So I try and bring everything I know into a development. So for example, when everybody moved to be remote, we rolled out Microsoft teams. We did a huge rollout to all of our, we have 40,000 employees. And we split 50, 50 between knowledge workers and frontline workers. And we rolled out teams to all of our knowledge workers. And actually we’re now exploring what it looks like to roll out to our frontline workers in their every day. But then for me, it was more than just a technical deployment. It was an opportunity to kind of try and connect people. And how do we give people time to relax, even, to stop stressing, to feel like they have to be too formal. How do we connect people and bring them closer together? I’m trying to layer in everything that I know into everything that I do without it being too bombarding. I can’t deny certain things that I know, once I’ve been taught, anyway.

Tope Sadiku (14:41):

(music)

Kristin Gecan (14:46):

Can you speak to that idea of the values that you’re finding among employees and how you’re greeting those, how you’re trying to satisfy those?

Tope Sadiku (14:57):

I wouldn’t say I’m just learning this, but I’m realizing that it’s very, very important that people want to be able to have a life balance. Previously you would go to the office, like you want to work, I don’t know, 8:00 till 6:00, those are the hours that you’re in the office. And then maybe you want to do some admin, you got to take a morning or afternoon off work or try and do over the weekend. People want to have a life balance and actually everyone feels better when they do. And that might mean like I’m not in back to back meetings. It might also mean that I’m able to just have lunch with my children or I can go and take the dog for a walk or I can just sit and have peace, or maybe I feel like I’m the most effective at this time of the day and therefore I want to have the means to be able to, I don’t know, have my focus time at, I don’t know, the hours between midnight and 3:00 AM, silly example.

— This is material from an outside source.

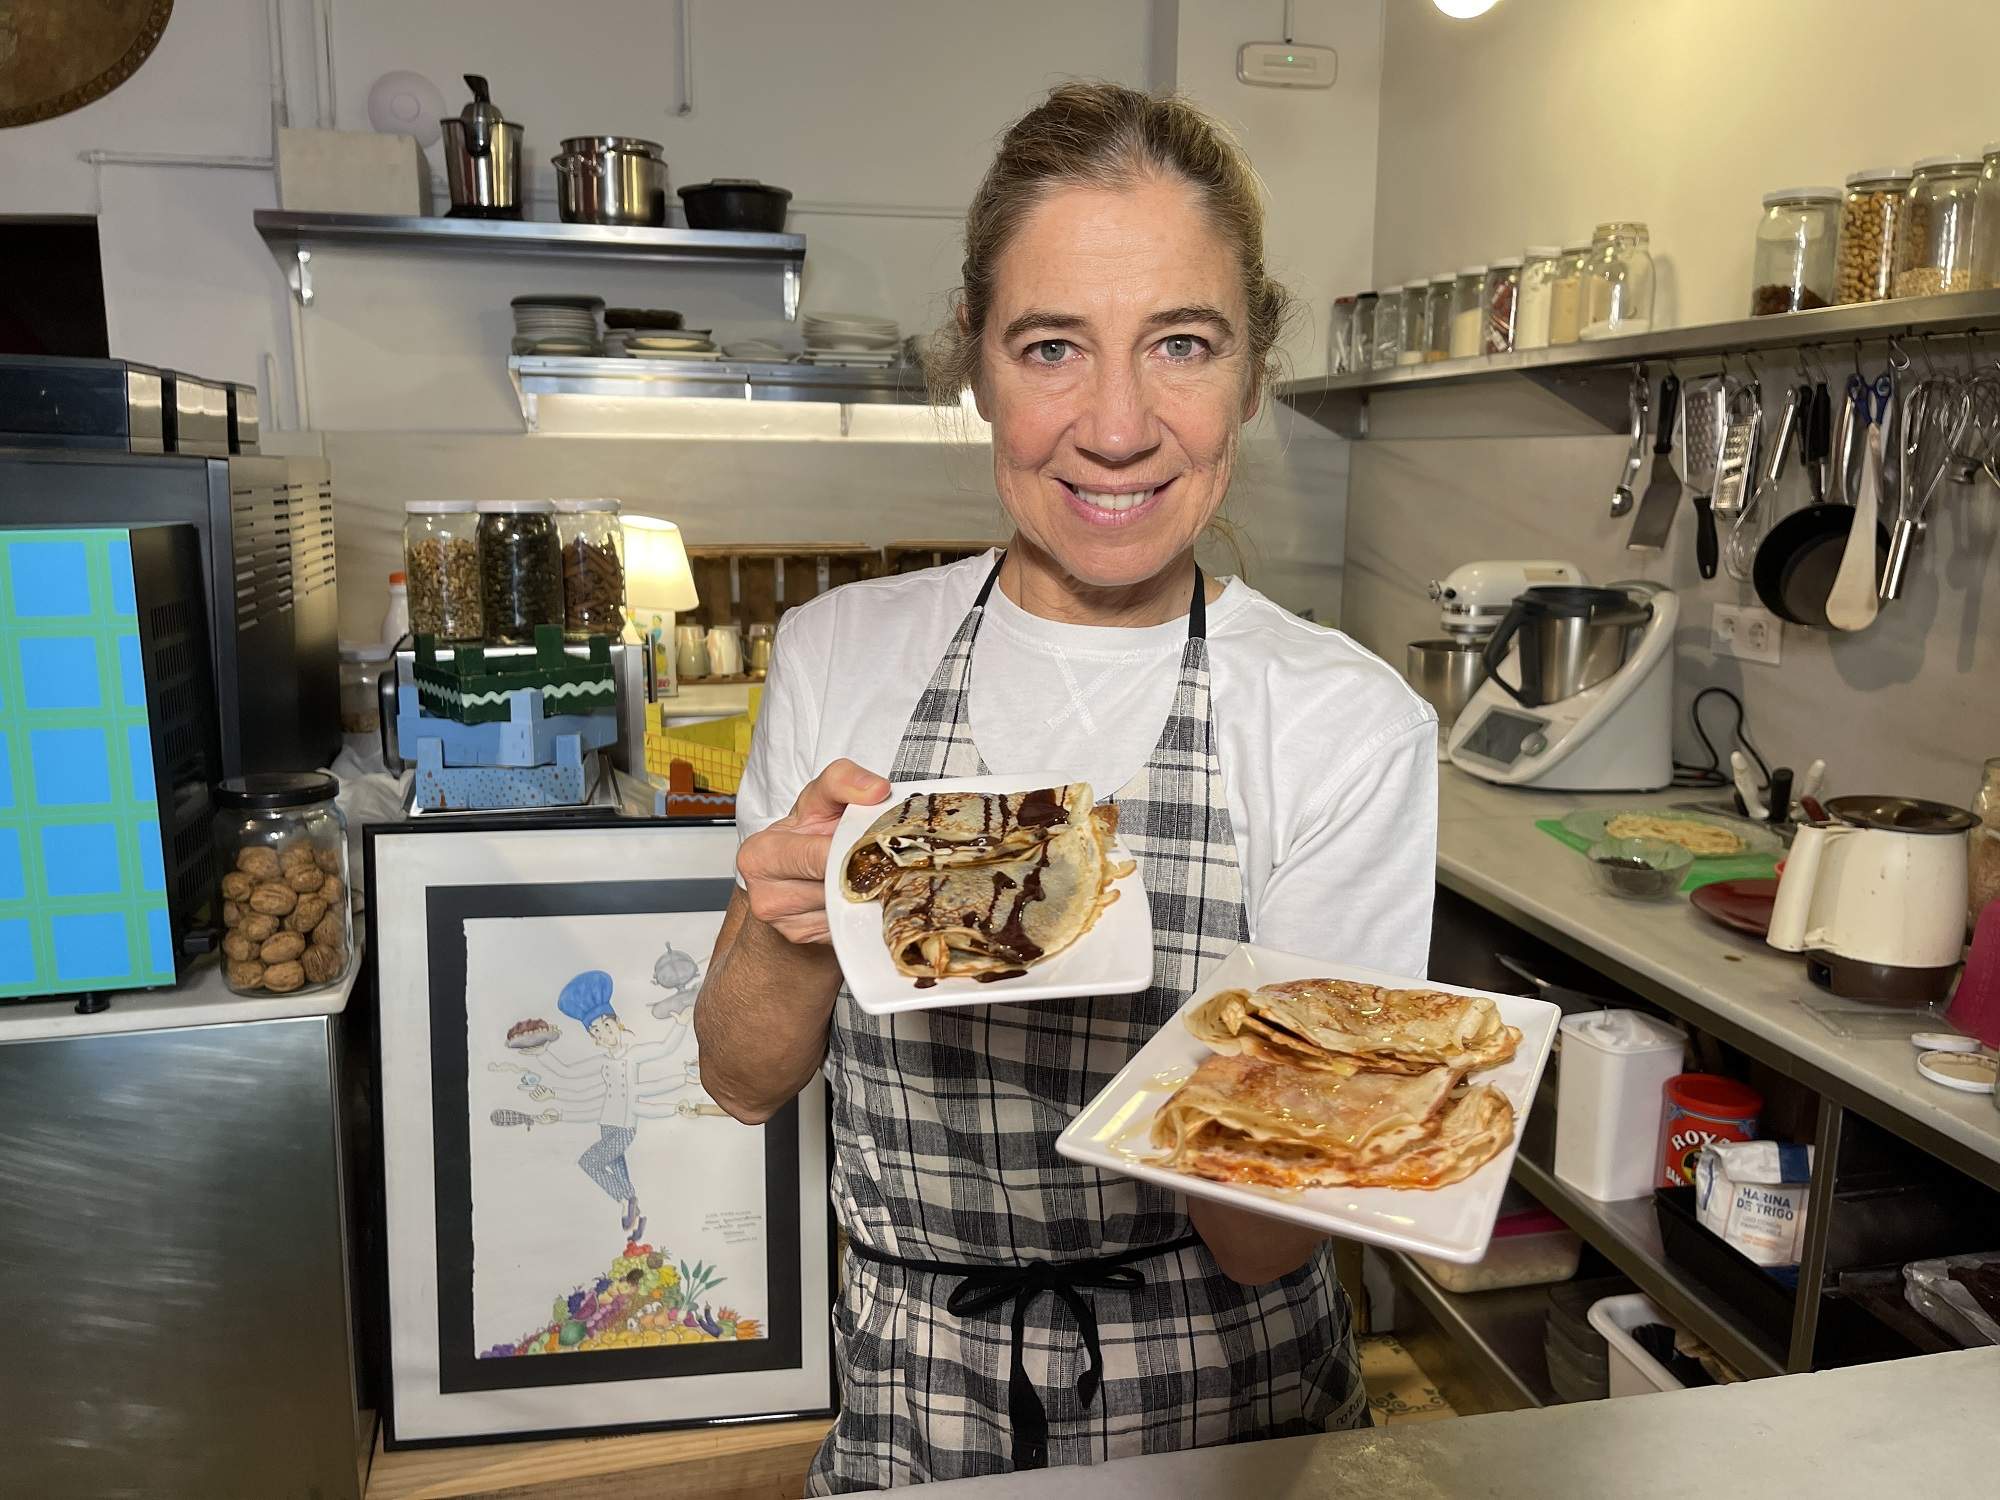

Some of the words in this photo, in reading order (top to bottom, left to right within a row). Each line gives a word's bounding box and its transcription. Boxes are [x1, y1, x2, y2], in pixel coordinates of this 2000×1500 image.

[1743, 1187, 1791, 1209] HARINA
[1737, 1198, 1752, 1212] DE
[1756, 1203, 1794, 1221] TRIGO
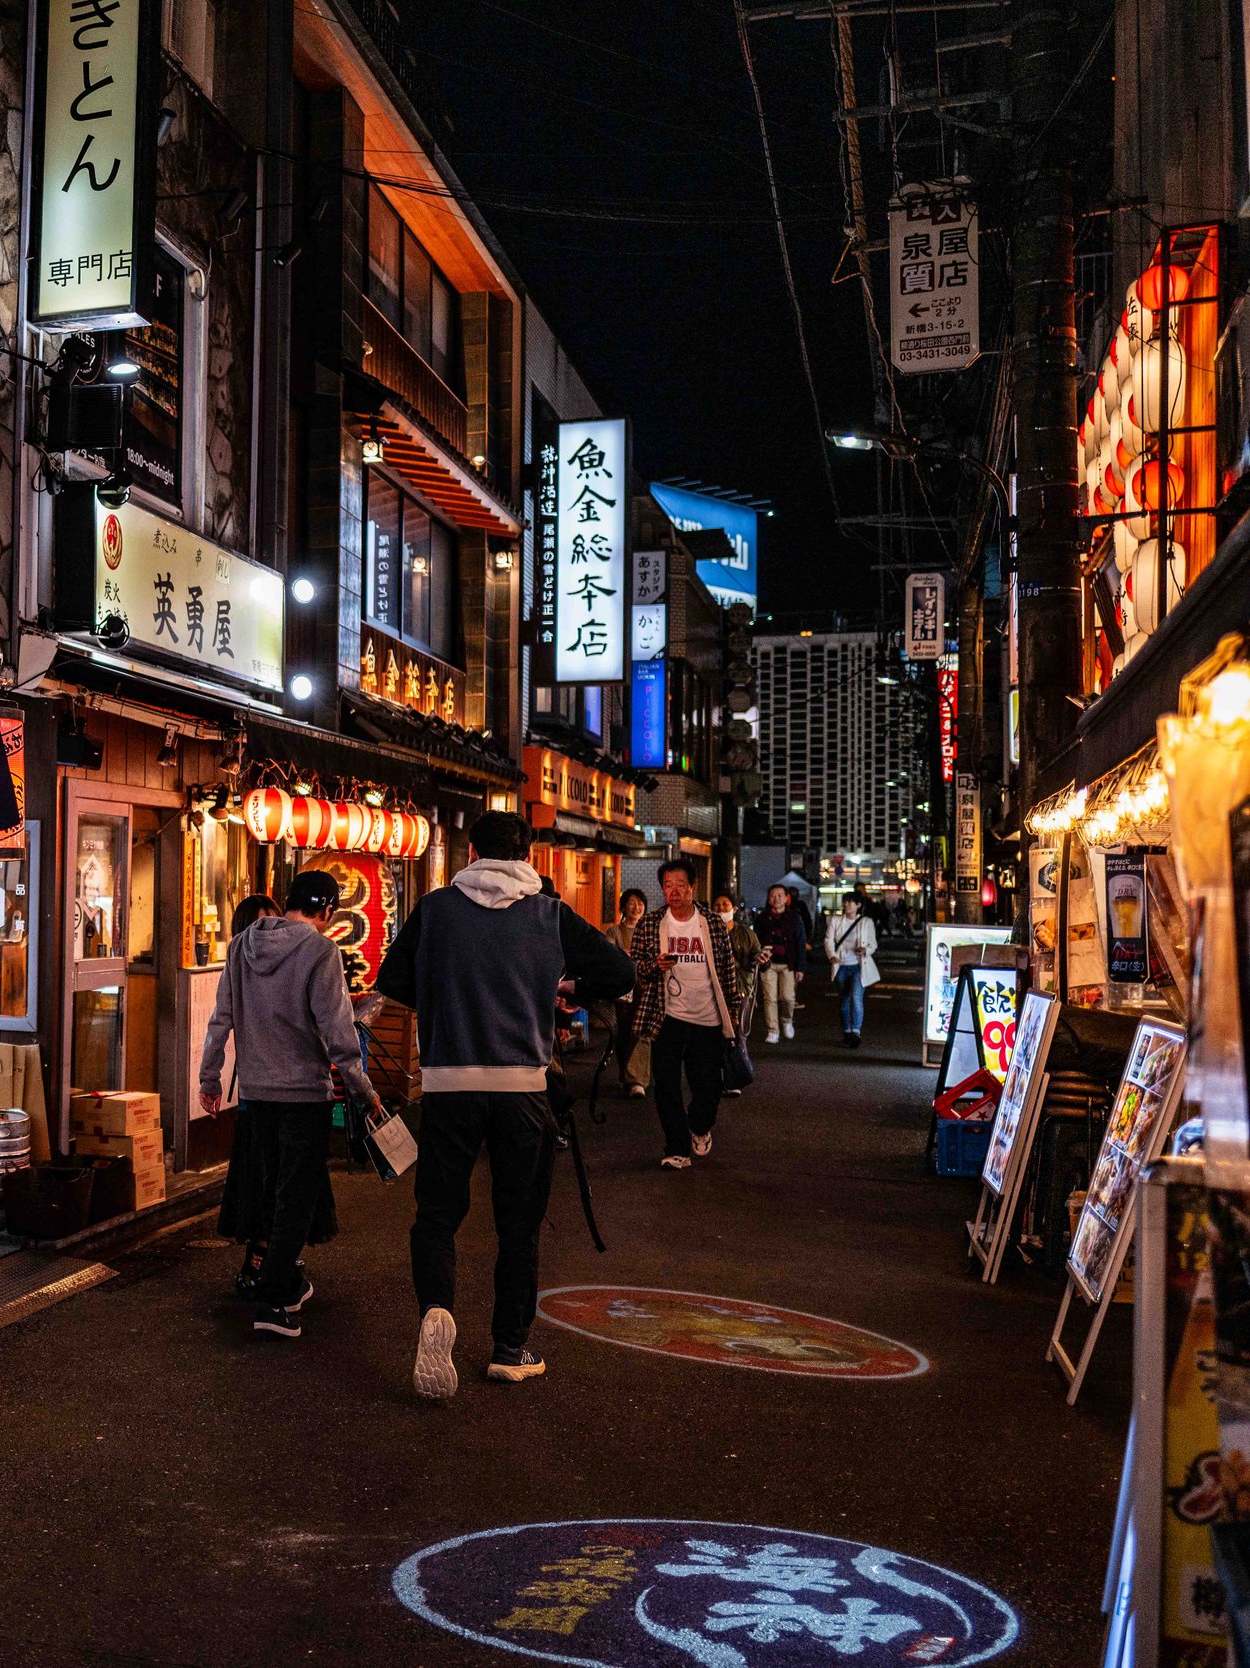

And these values are this like… I guess the overarching principle for me is this idea of life balance and how do we enable technology to give you that life balance? I was talking about wellbeing and employee experience, maybe nine months ago. And someone said, “Who’s responsibility is it?” And I thought, “It’s very difficult to say like it’s the employer’s responsibility, but it’s also very difficult it’s the employee’s responsibility.” It’s like, it’s a dual responsibility that both have to be mindful of how the other one feels and what’s available to achieve certain objectives.

Tope Sadiku (16:19):

I guess that it’s easier in that knowledge worker space because it’s not outcome driven in the same way. It is like for someone on a factory line, right? You got to make, I don’t know, X amount of B product in C time. It’s not necessarily like that in the knowledge worker space. But I think in both kind of archetypes that we have this idea of life balance is bigger now than ever.

Kristin Gecan (16:45):

Yeah. And what you were saying before, I think was that you try to think about it in terms of life balance, not life work balance. Work is part of life, right? So one thing that we talked about in the panel discussion was getting feedback and metrics and quantifying things and how difficult that can be in design or in the work that you do, which sounds much like design. And one of the things that I really [inaudible 00:17:14] on that you said is that we don’t quantify love or happiness, but we know that they’re critical to our wellbeing, to our life, to our performance. So given that, are there ways that you decide whether an effort that you have is successful or whether it’s time to try something new?

Tope Sadiku (17:36):

I guess one of the things I can think of is around when we were at Microsoft teams, we did a lot of ethnography so we kind of just watched how groups work and we kind of said, “How do you work today? And how do you think you want to work in the future? And then how do we think we can… Like where are the things that you may not have realized? But we might also know just based on like knowledge of like the wider organization and the technology tools we have access to.” And I guess when it comes to like being successful, we ran these ethnographies, we did some webinars and then we realized that, “Oh, hang on, it’s great to have that one way, this is what we’ve learned in general. And here, here are some tips and tricks in essence, like here’s the art collaboration, here’s how you can meet smarter, here’s how you can be agile, here’s how you can think like from a design thinking principle.”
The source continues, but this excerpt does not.